» **What you are asked to do**: Copy the data exactly, pictures aside.

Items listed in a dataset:

== Segment start ==

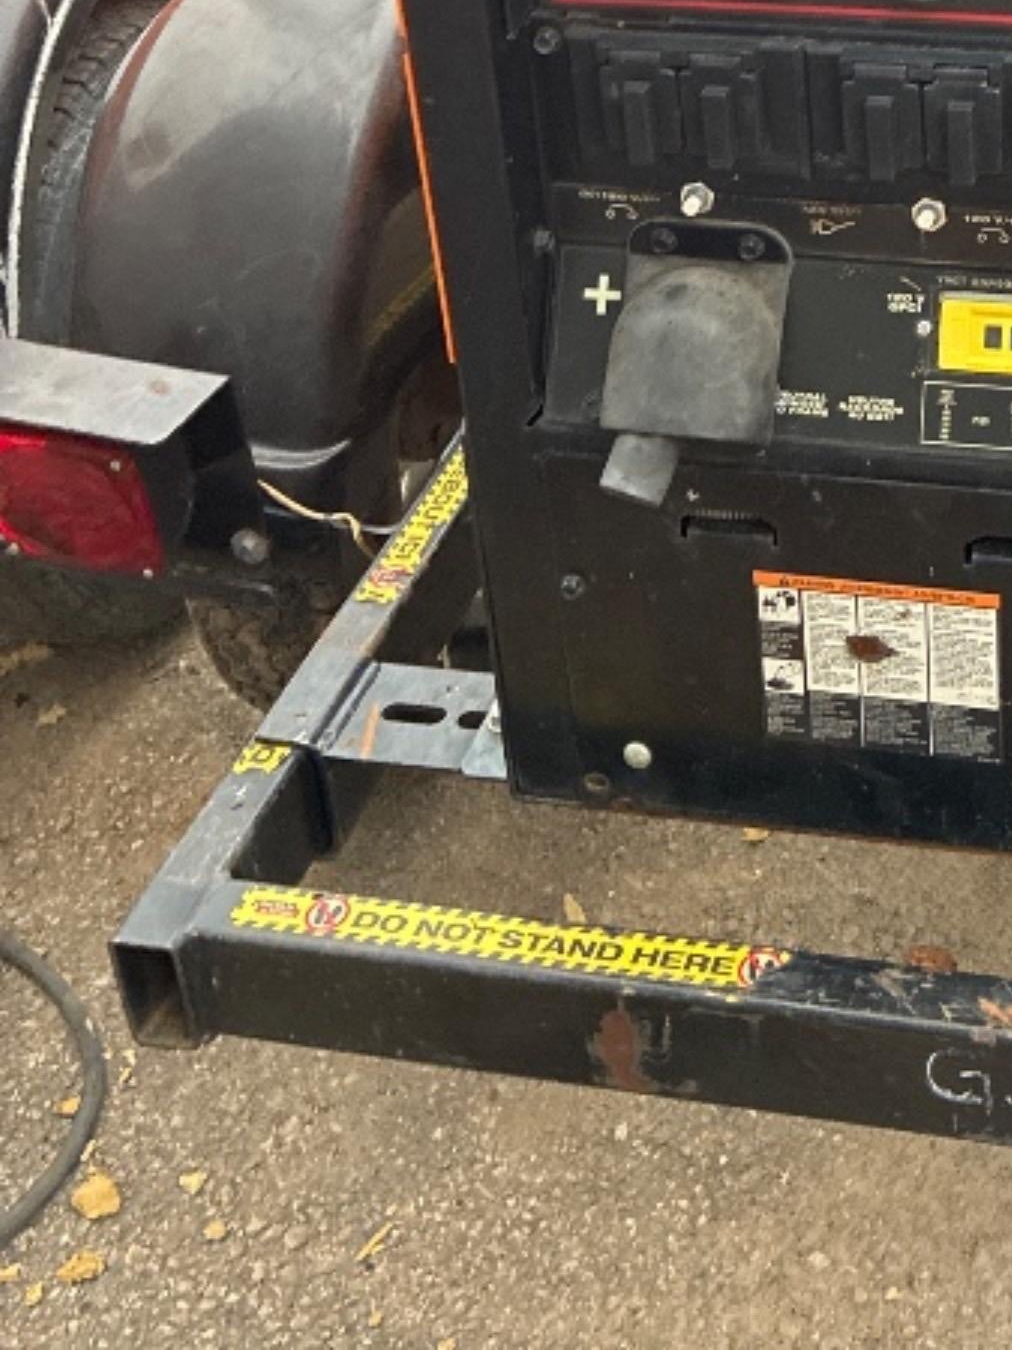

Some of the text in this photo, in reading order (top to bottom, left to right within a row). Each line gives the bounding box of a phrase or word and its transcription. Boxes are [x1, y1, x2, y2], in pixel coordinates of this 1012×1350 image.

[351, 908, 735, 978] DO NOT STAND HERE
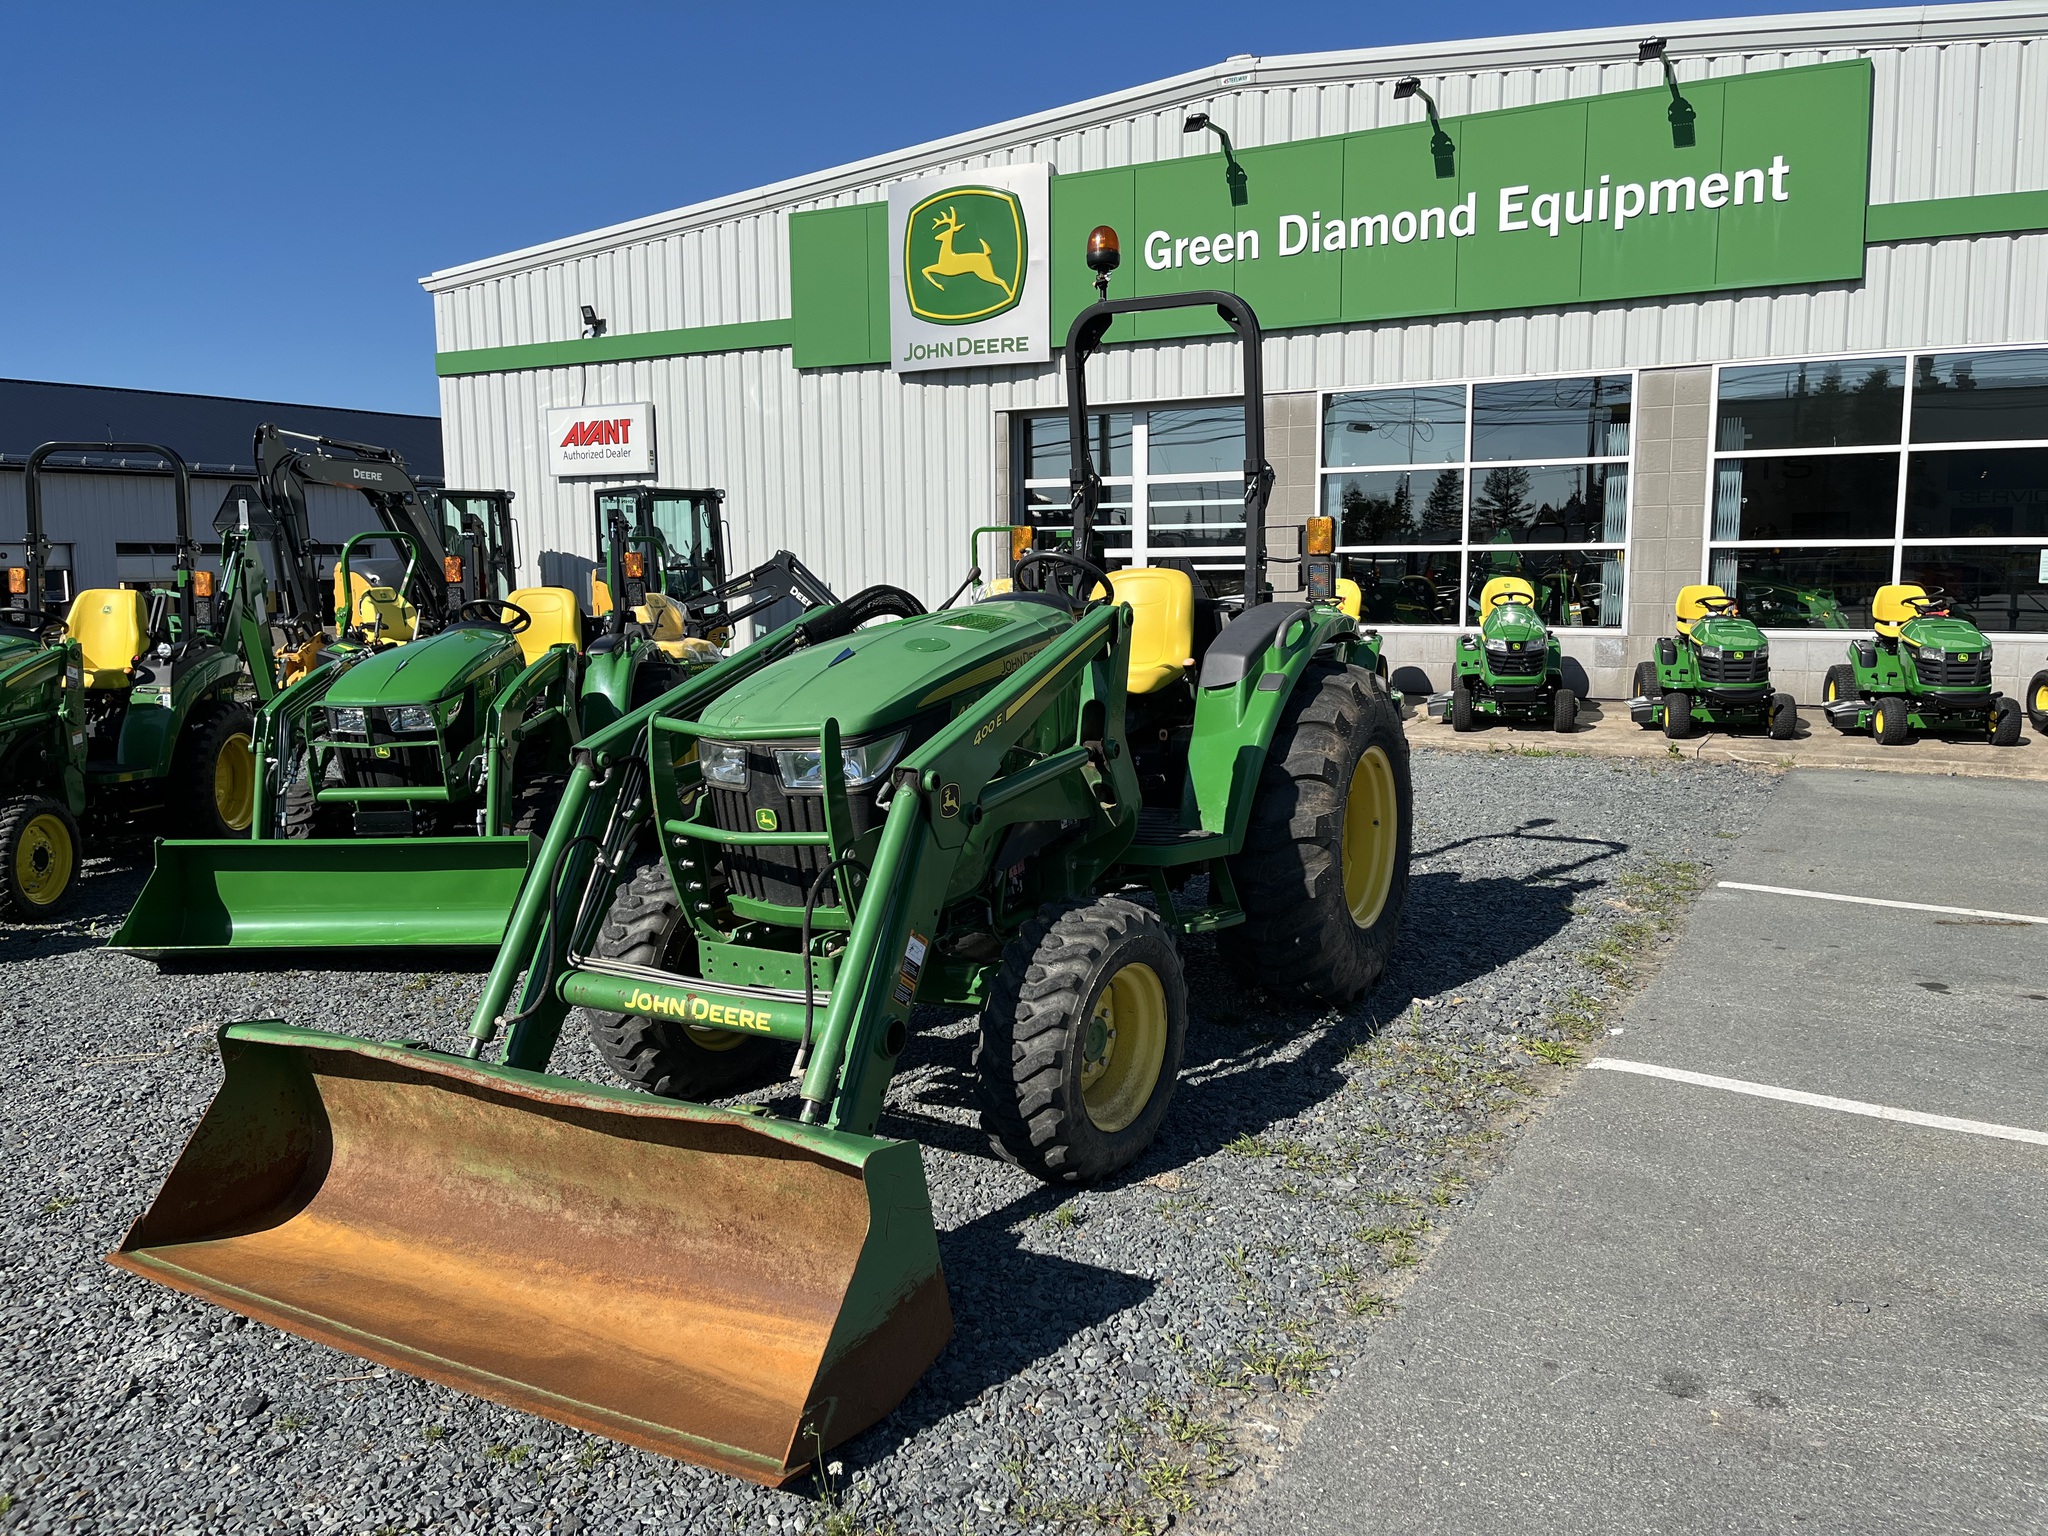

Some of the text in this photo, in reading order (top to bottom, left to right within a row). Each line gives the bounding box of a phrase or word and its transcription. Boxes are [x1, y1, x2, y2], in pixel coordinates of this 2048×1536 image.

[1144, 154, 1790, 272] Green Diamond Equipment
[903, 336, 1029, 362] JOHN DEERE
[560, 418, 631, 448] AVANT
[563, 448, 632, 461] Authorized Dealer
[353, 468, 383, 481] DEERE
[624, 988, 772, 1032] JOHN DEERE

== Segment end ==

» **Reply**:
Some of the text in this photo, in reading order (top to bottom, left to right within a row). Each line gives the bounding box of a phrase or word and its transcription. Boxes are [x1, y1, x2, y2], in pixel coordinates of this 1012×1350 image.

[351, 908, 735, 978] DO NOT STAND HERE

Some of the text in this photo, in reading order (top to bottom, left to right within a row). Each line gives the bounding box of a phrase or word and its transcription. Boxes are [x1, y1, x2, y2], in pixel coordinates of this 2048×1536 image.

[1144, 154, 1790, 272] Green Diamond Equipment
[903, 336, 1029, 362] JOHN DEERE
[560, 418, 631, 448] AVANT
[563, 448, 632, 461] Authorized Dealer
[353, 468, 383, 481] DEERE
[624, 988, 772, 1032] JOHN DEERE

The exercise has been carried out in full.